**PROBLEM**
Give back every record exactly, with its pictures left out.

▶

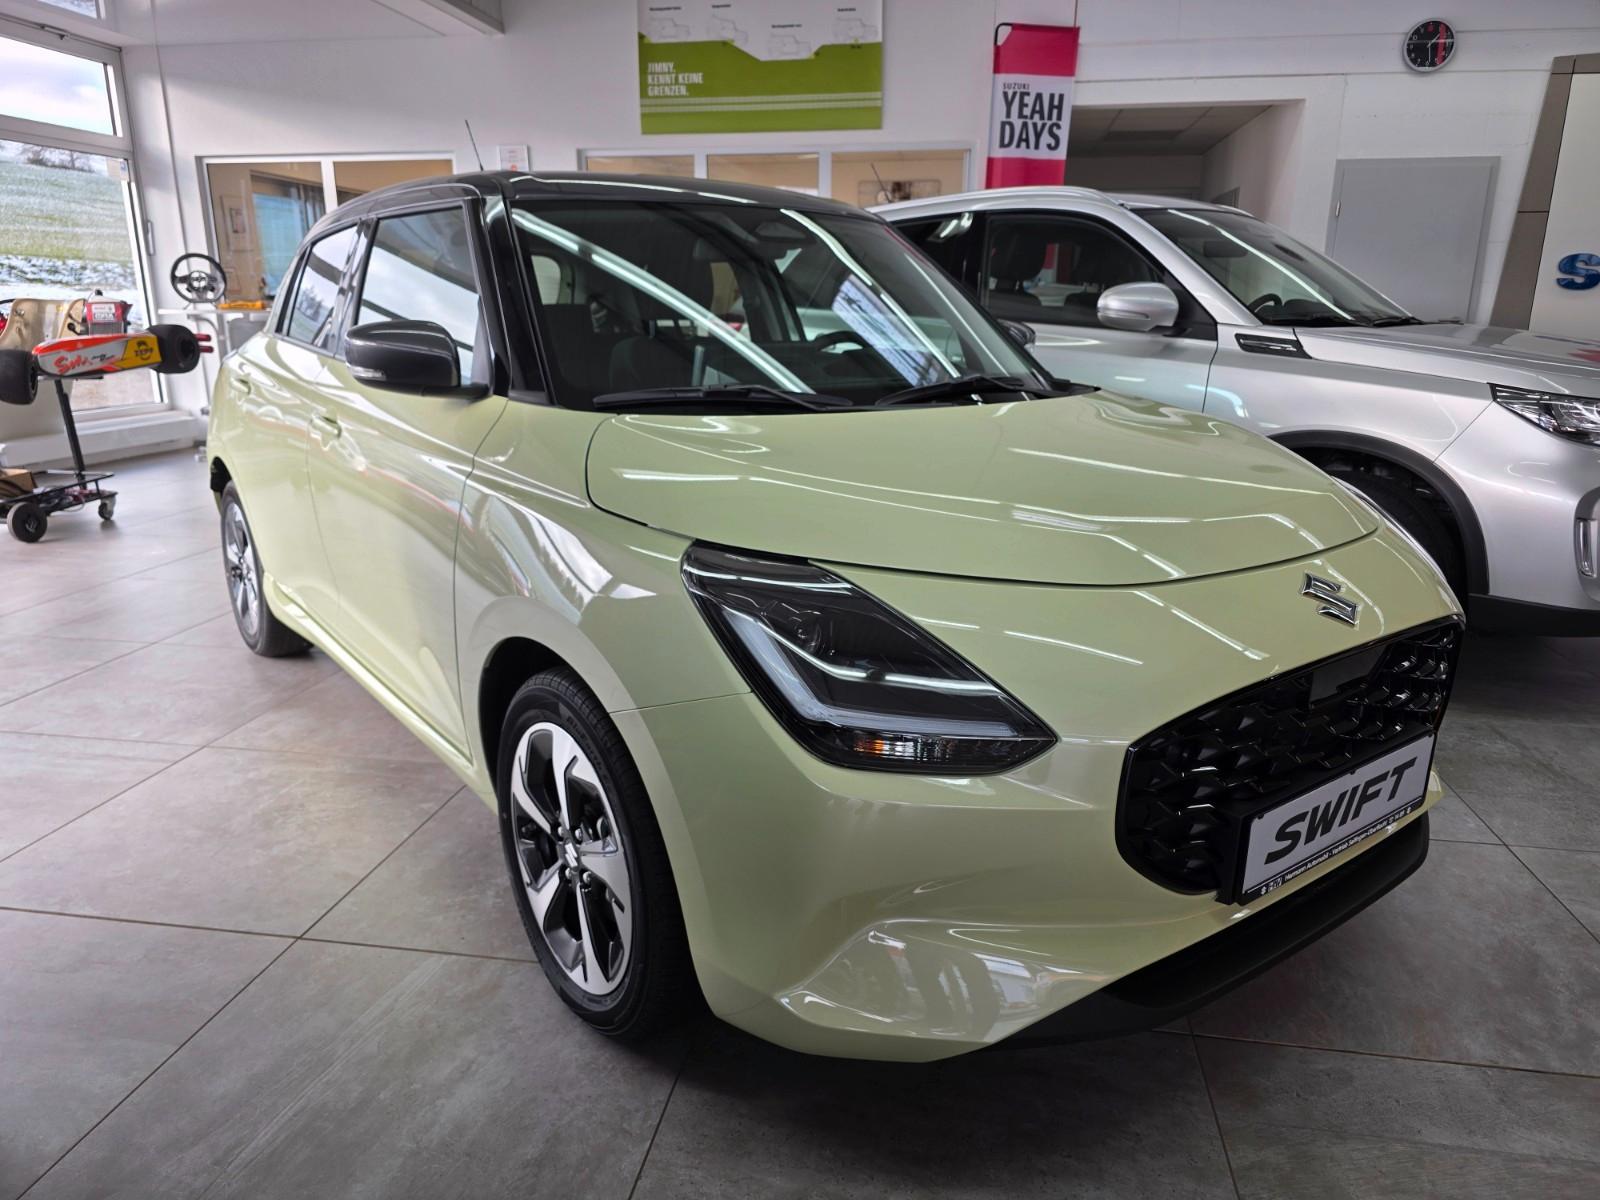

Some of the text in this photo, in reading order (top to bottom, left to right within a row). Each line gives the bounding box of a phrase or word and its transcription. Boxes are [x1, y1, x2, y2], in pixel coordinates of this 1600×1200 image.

[647, 72, 704, 85] KENNT KEINE
[1003, 82, 1031, 90] SUZUKI
[1002, 90, 1065, 122] YEAH
[999, 120, 1062, 151] DAYS
[1264, 756, 1418, 865] SWIFT

◀

**WRITTEN ANSWER**
Some of the text in this photo, in reading order (top to bottom, left to right within a row). Each line gives the bounding box of a phrase or word and its transcription. Boxes are [x1, y1, x2, y2], in pixel coordinates of this 1600×1200 image.

[647, 72, 704, 85] KENNT KEINE
[1003, 82, 1031, 90] SUZUKI
[1002, 90, 1065, 122] YEAH
[999, 120, 1062, 151] DAYS
[1264, 756, 1418, 865] SWIFT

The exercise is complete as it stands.